While the FMLA protects your job, it doesn't replace your income. For that, you need disability insurance, which can work in tandem with the provisions of the FMLA.
The Family Medical Leave Act (FMLA) allows eligible employees to take up to 12 weeks of unpaid leave to bond with a new child, recover from an illness, or because the employee is pregnant. The FMLA is a federal law, but some states have more robust medical and family leave laws that may include paid leave and longer periods of time off.
While the FMLA protects your job, it doesn’t replace your income. Even in the handful of states that require employers to offer paid leave, you may not be reimbursed your full income, or the paid leave period may be limited in length. To more fully replace your income while you’re out of work for an extended illness, you need disability insurance.
Short-term and long-term disability insurance can work in tandem with FMLA leave by replacing your income during the period which you are not being paid. Disability insurance can also pay benefits long after your FMLA leave expires. If you live in a state that mandates paid leave, disability insurance benefits may help you recoup your lost wages where the law’s requirements fall short.
Long-term disability insurance (LTDI) replaces your income for a number of years when you become disabled and lose your ability to earn an income. It’s called “long-term” because it has a benefit period that’s at least five years long and which can go as long as to retirement age if you’re willing to pay more.
Long-term disability insurance benefits replace around 60% of your pre-tax income, roughly the equivalent of your take-home pay.

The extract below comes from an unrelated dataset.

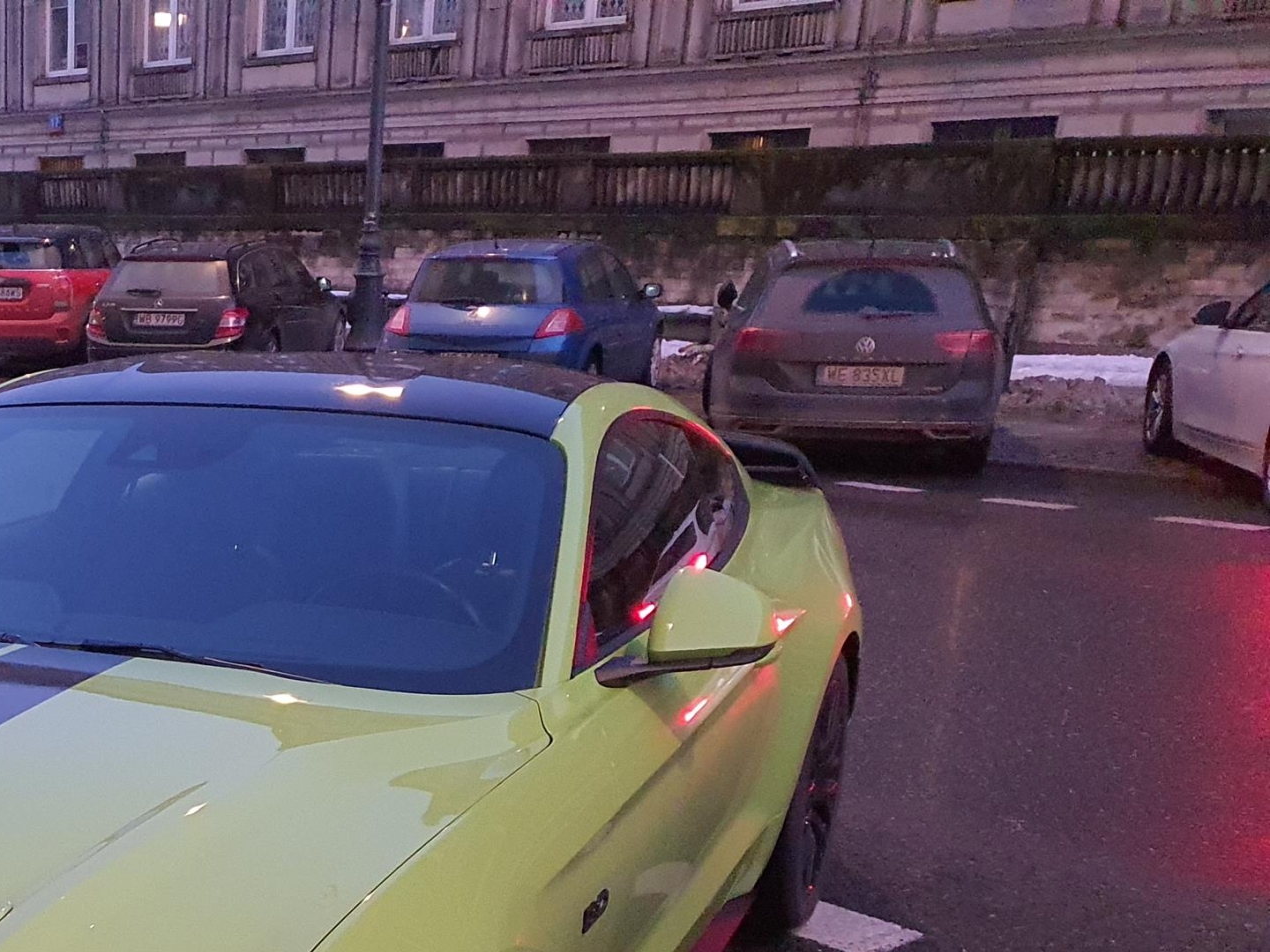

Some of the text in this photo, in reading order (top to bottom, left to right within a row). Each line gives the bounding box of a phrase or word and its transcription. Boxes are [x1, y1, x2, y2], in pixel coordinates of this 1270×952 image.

[139, 313, 151, 323] WB
[827, 366, 898, 383] WE 835XL
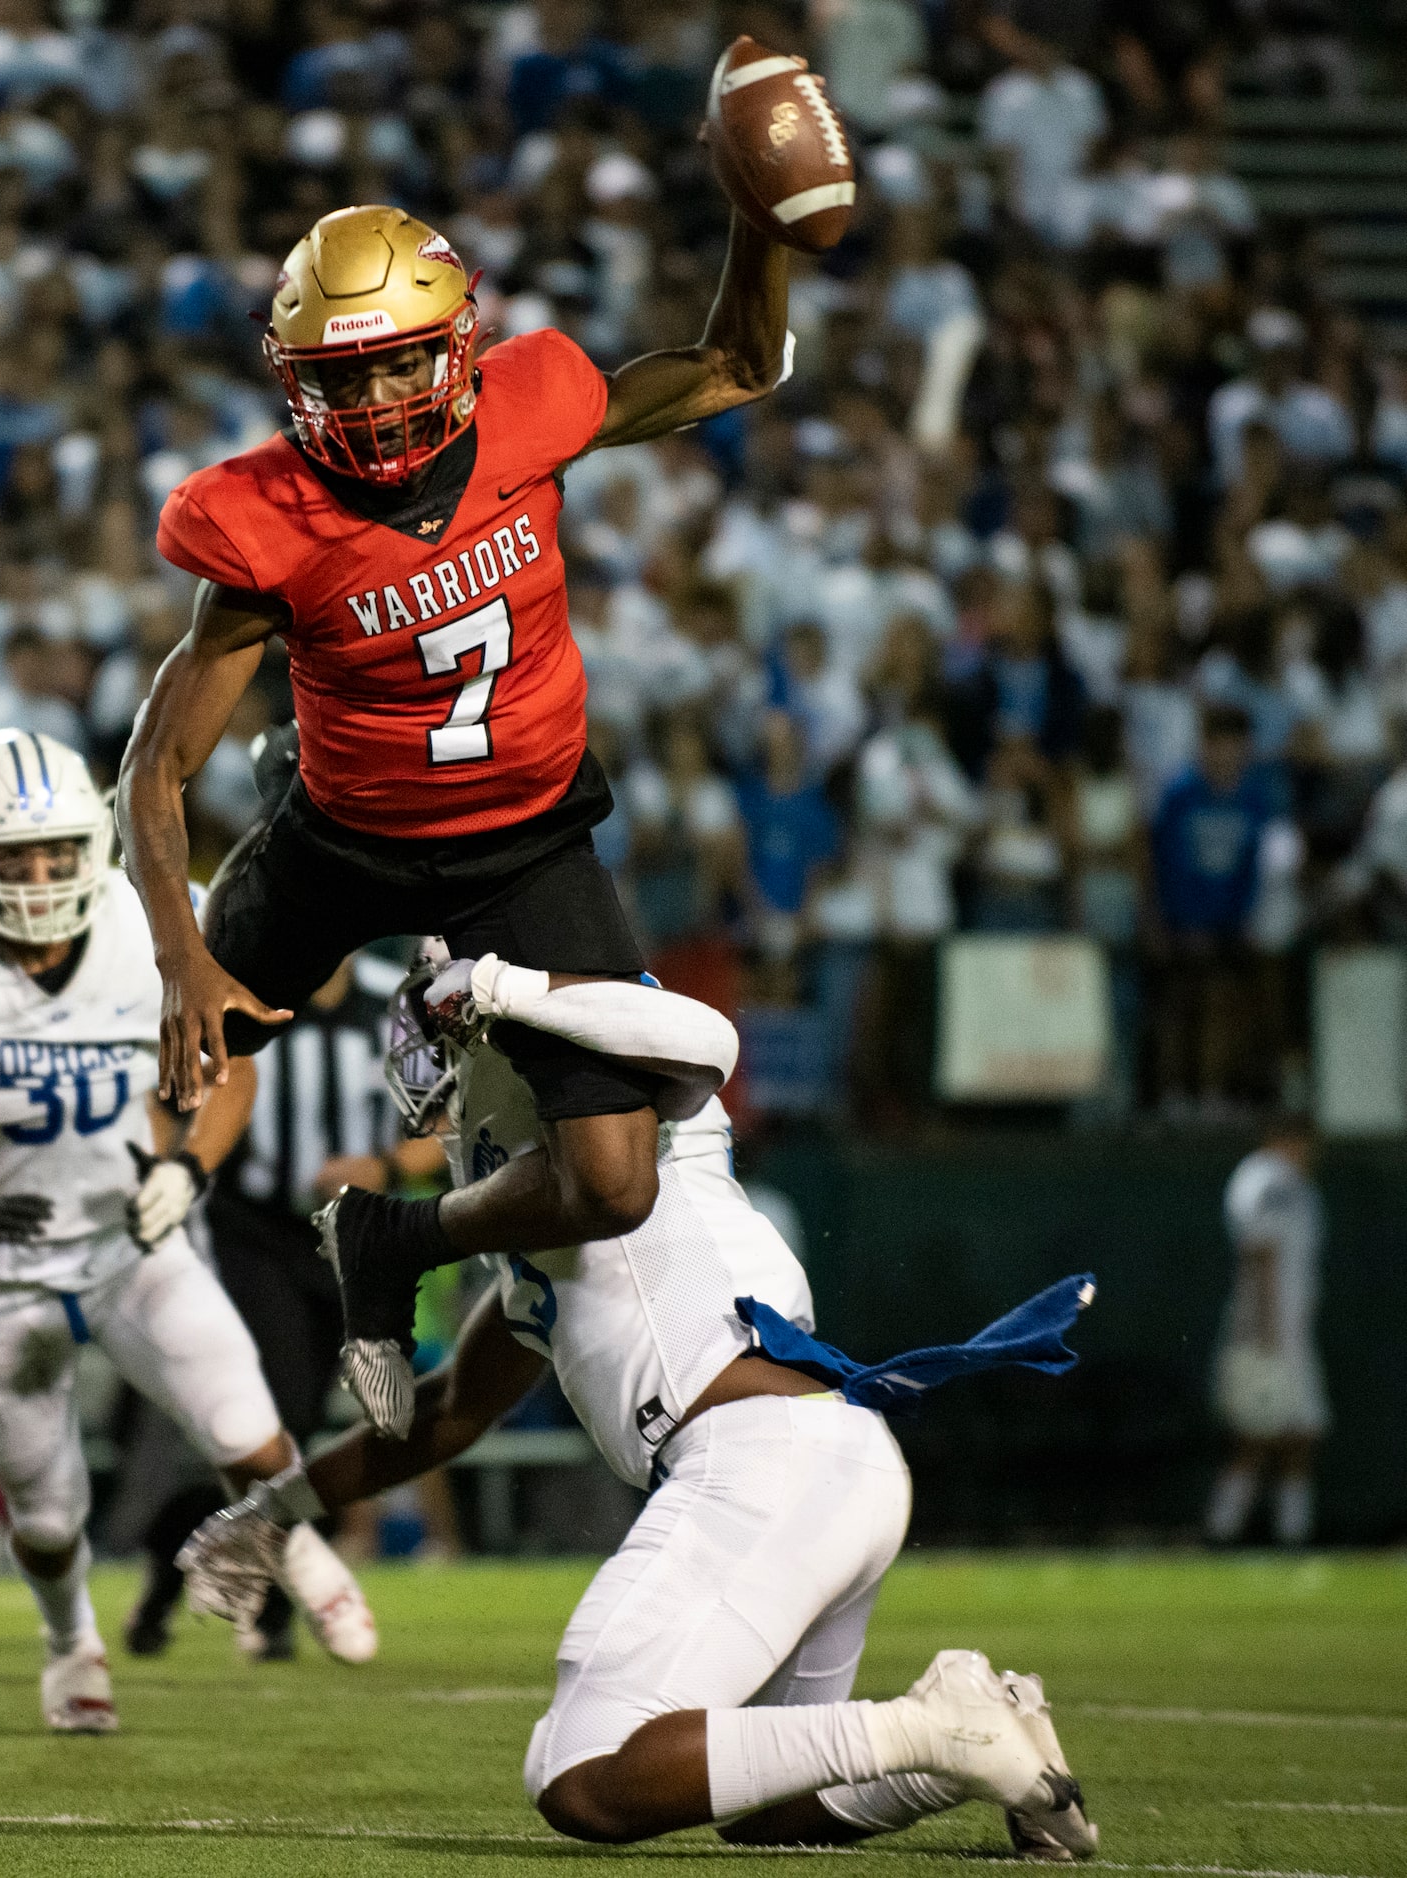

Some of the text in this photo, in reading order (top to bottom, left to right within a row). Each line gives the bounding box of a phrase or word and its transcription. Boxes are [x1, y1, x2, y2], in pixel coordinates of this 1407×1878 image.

If you become so ill or disabled that you can’t ever return to work, LTDI benefits can keep you whole for decades.
However, LTDI typically has a long elimination period, which is the time you have to wait after becoming disabled before your benefits kick in. The most cost-effective elimination period is 90 days. To make sure you’re getting the right amount of coverage for the right amount of time, talk to a licensed representative at Policygenius about your options when shopping for disability insurance.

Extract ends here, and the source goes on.